• GOAL OF THE EXERCISE
An exact transcription of all the records is required, minus the images.

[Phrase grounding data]
------------

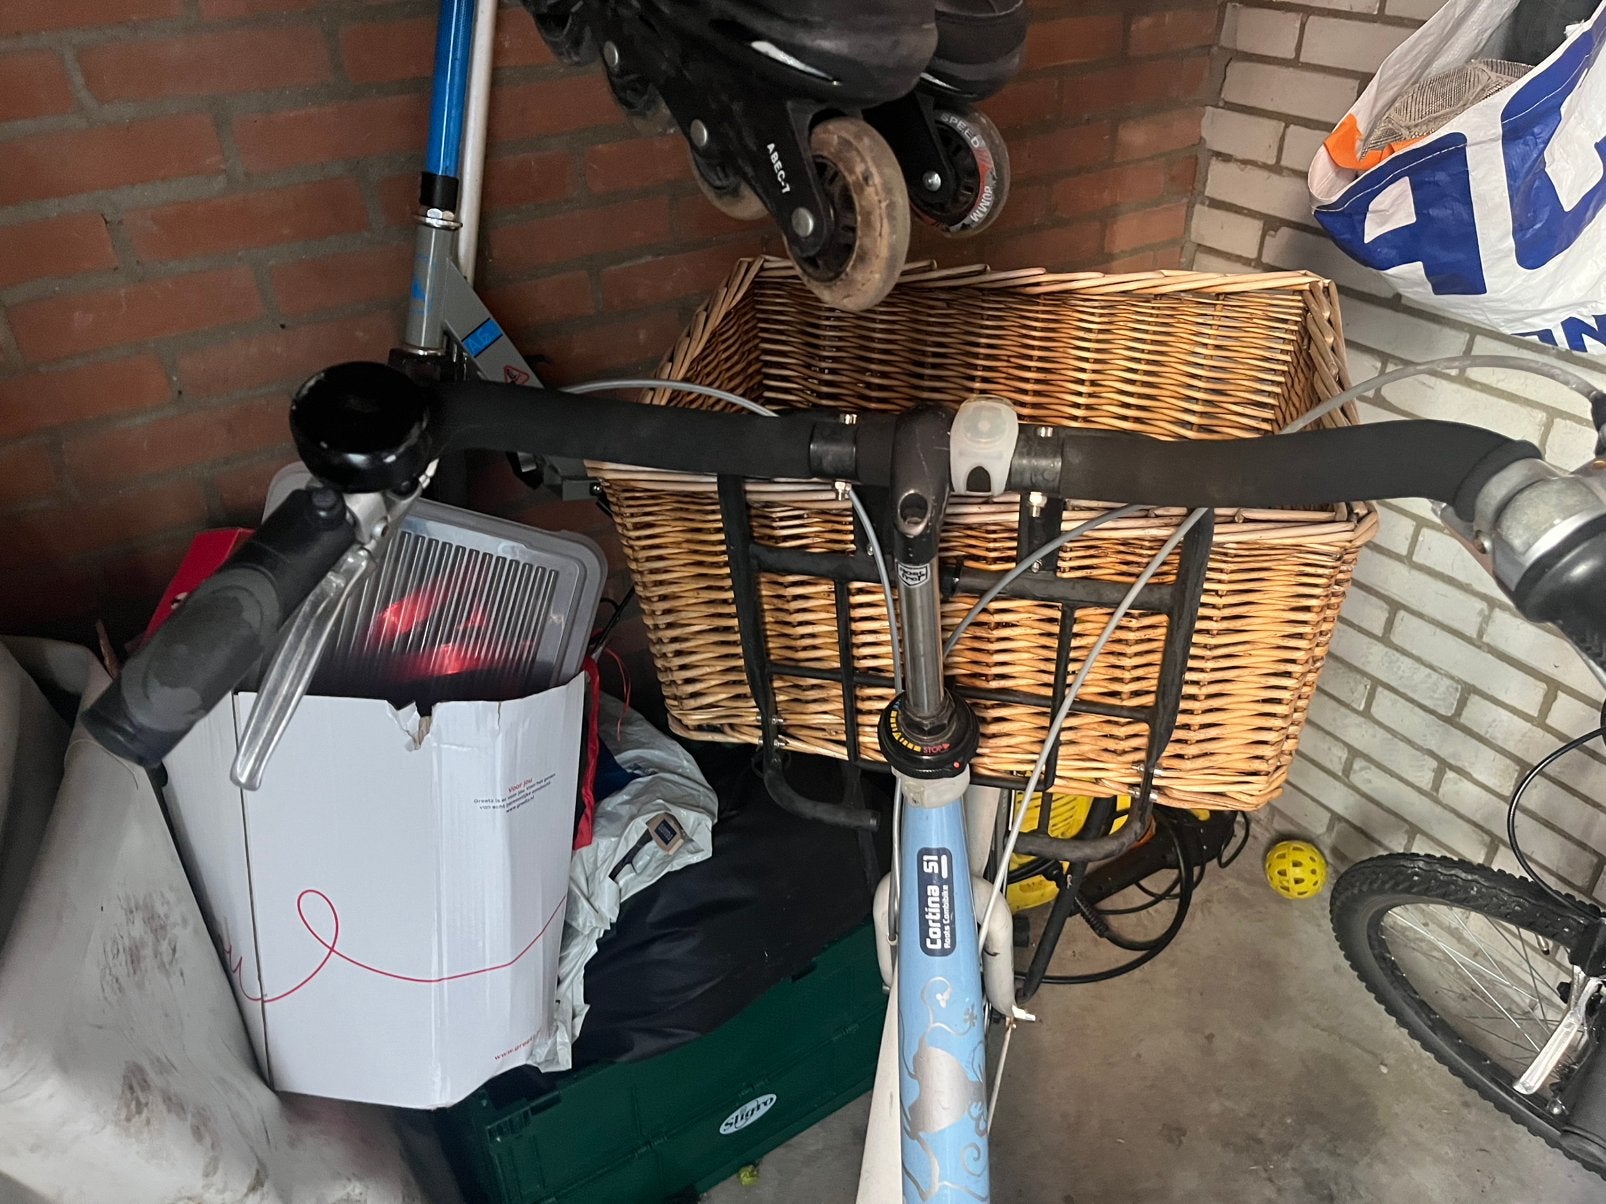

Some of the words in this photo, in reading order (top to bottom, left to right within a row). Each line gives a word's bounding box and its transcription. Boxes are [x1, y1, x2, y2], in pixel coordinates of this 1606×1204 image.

[940, 111, 980, 149] SPEED
[923, 744, 942, 754] STOP
[925, 885, 942, 950] Cortina
[722, 1096, 774, 1132] Sligro

------------

• SOLVED EXERCISE
Some of the words in this photo, in reading order (top to bottom, left to right within a row). Each line gives a word's bounding box and its transcription. Boxes are [x1, y1, x2, y2], in pixel coordinates of this 1606×1204 image.

[940, 111, 980, 149] SPEED
[923, 744, 942, 754] STOP
[925, 885, 942, 950] Cortina
[722, 1096, 774, 1132] Sligro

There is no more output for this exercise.